I’ve noticed that a couple jobs have been running much longer than expected and was wondering if you would be able to help me figure out why. For example, a job took 8 hours, 56 minutes to run yesterday on a dataset with 300k samples, but the previous run on ~450k samples took only 17 minutes. I no longer have the log for the job that took 17 minutes but will email the log from the job that ran in ~9 hours.

As always, I’d appreciate any insight – thanks for all of the help!

Hey Katherine,

Let’s see, so you’re saying you have a job that used to be much faster, and now it’s suddenly slower on 2.77. Can you try running with hl._set_flags(no_whole_stage_codegen='1') at the beginning of your script (if you do an hl.init(), it should be after that, otherwise it should be the first line of your script after imports). If this ends up making a difference, gives us something to go off of. If it doesn’t, back to drawing board.

1 Like

What’s the Python script?
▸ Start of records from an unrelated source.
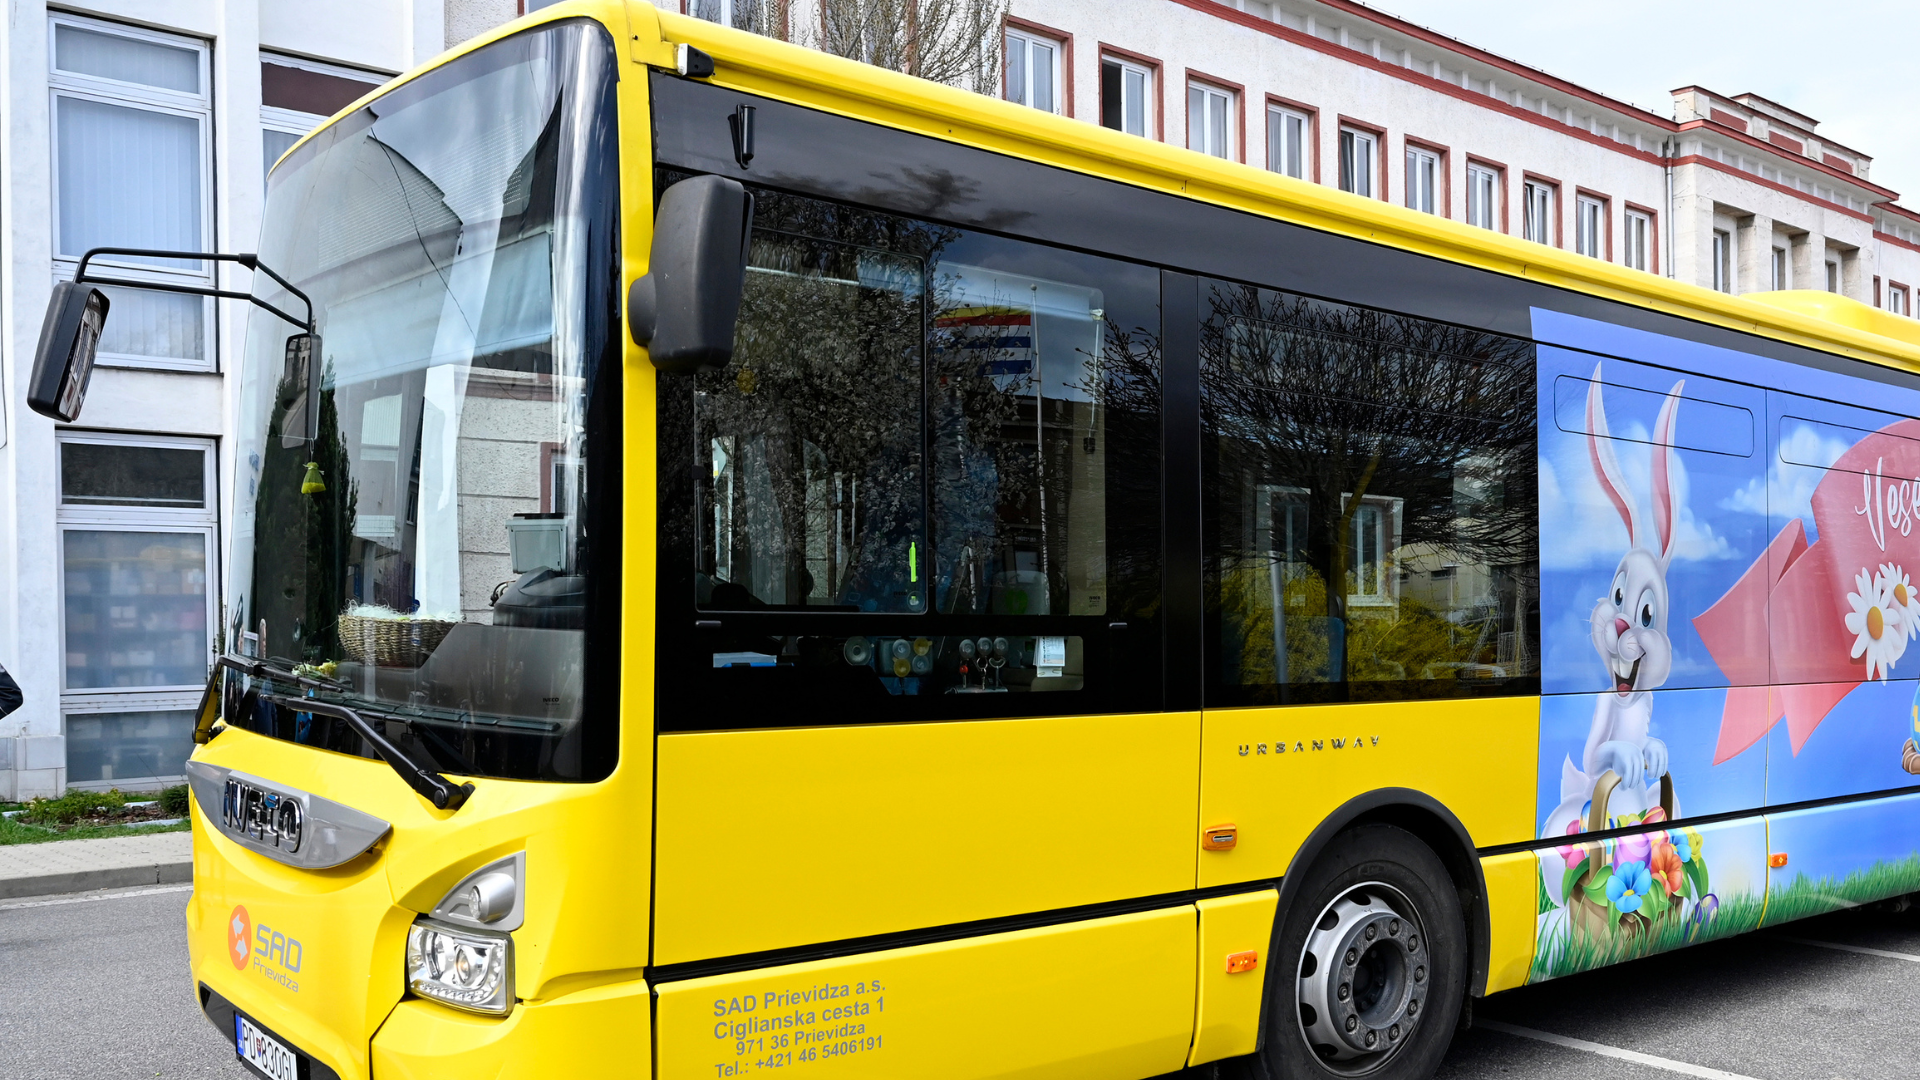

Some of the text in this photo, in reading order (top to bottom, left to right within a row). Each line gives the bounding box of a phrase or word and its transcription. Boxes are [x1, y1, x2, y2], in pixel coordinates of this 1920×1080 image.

[1238, 735, 1380, 756] URBANWAY
[255, 924, 303, 974] SAD
[253, 956, 299, 993] Prievidza
[713, 979, 887, 1017] SAD Prievidza a.s.
[714, 996, 884, 1041] Ciglianska cesta 1
[714, 1035, 882, 1079] Tel.: +421 46 5406191
[735, 1023, 866, 1056] 971 36 Prievidza
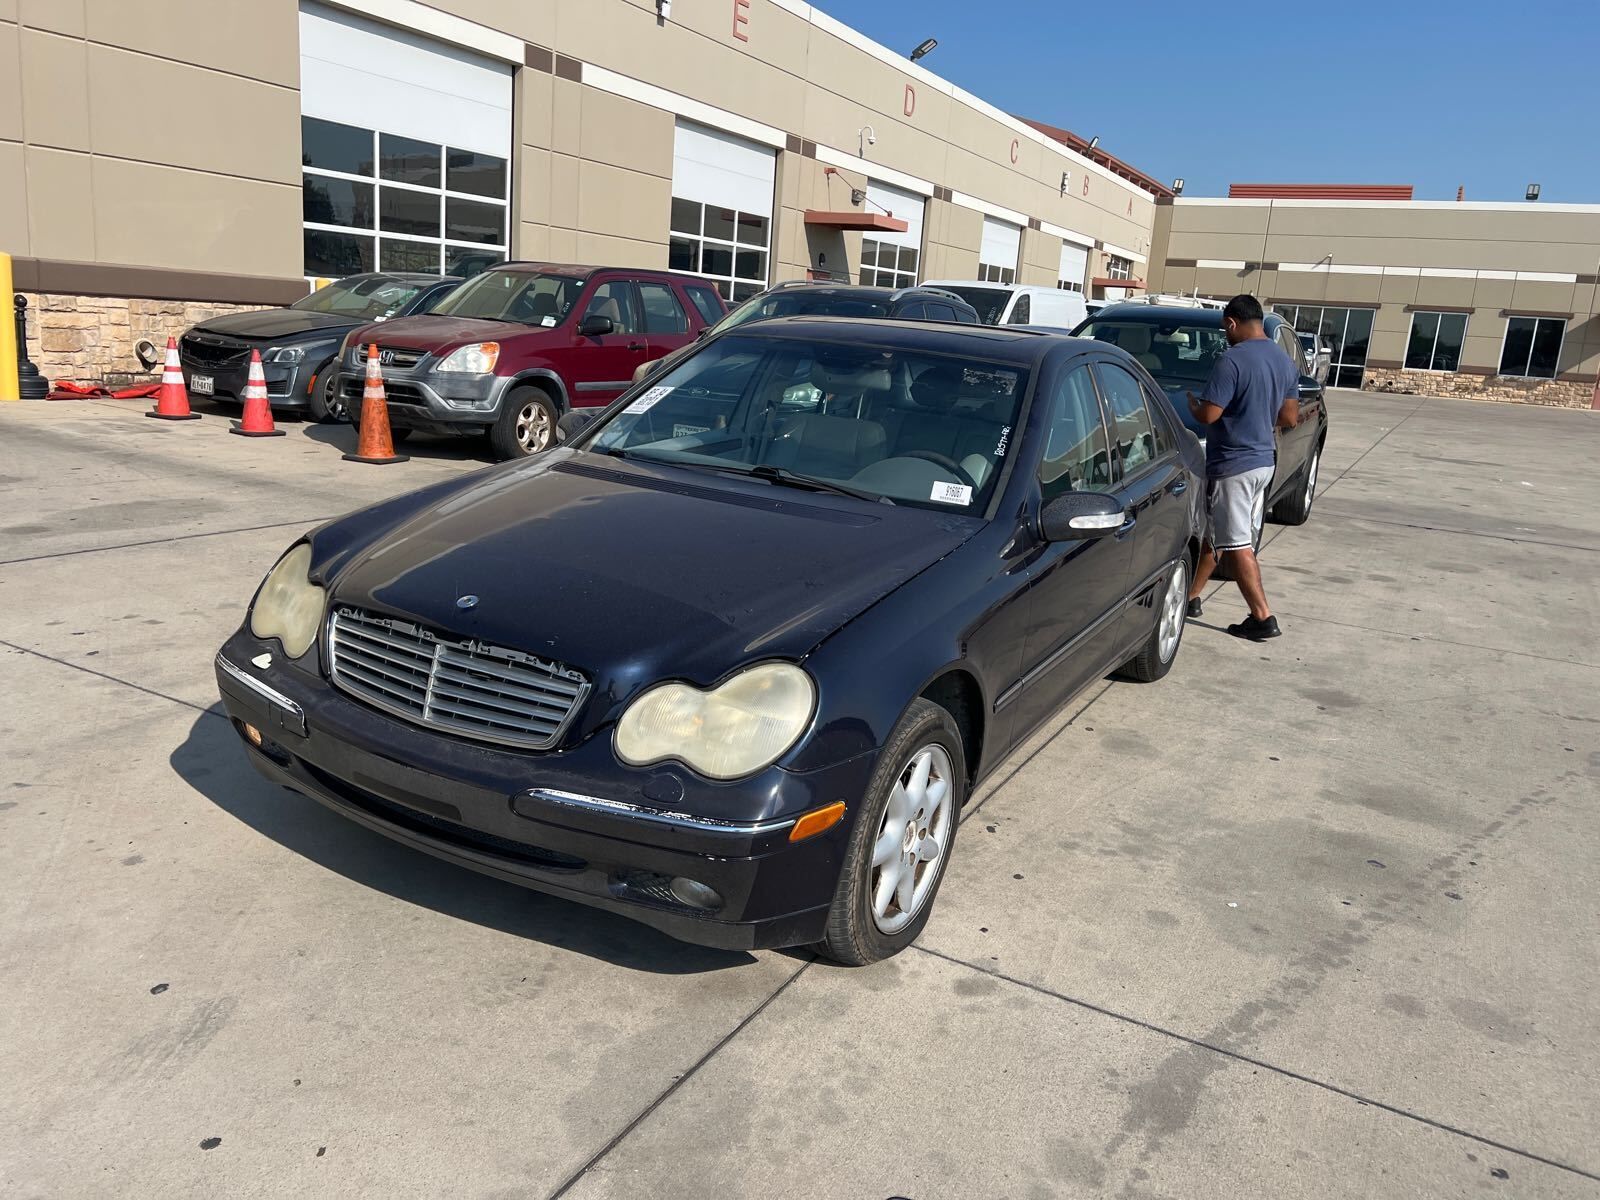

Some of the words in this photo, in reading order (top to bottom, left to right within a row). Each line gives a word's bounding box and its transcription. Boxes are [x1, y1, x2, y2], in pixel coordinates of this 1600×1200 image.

I have the log file.

thanks for the suggestion – I’ll try setting that flag for the next step!

here’s the code associated with the log: https://github.com/broadinstitute/ukbb_qc/blob/freeze_6/ukbb_qc/release/prepare_vcf_data_release.py#L660 (calls this: https://github.com/broadinstitute/ukbb_qc/blob/freeze_6/ukbb_qc/assessment/sanity_checks.py#L483)

That project is private, can’t see it.

The flag is basically a way of saying “execute this code the old way, not the new and improved way”. The “new and improved” way started in 0.2.75, and likely still has some kinks to work out, possible that you’ve uncovered a pathological case.

If you want to have someone add me to that project I can look at it.

thank you! I don’t have admin access to that repo but have requested access for you. I’ll post again when I have an update

@johnc1231 you should have access to the repo now – let me know if not!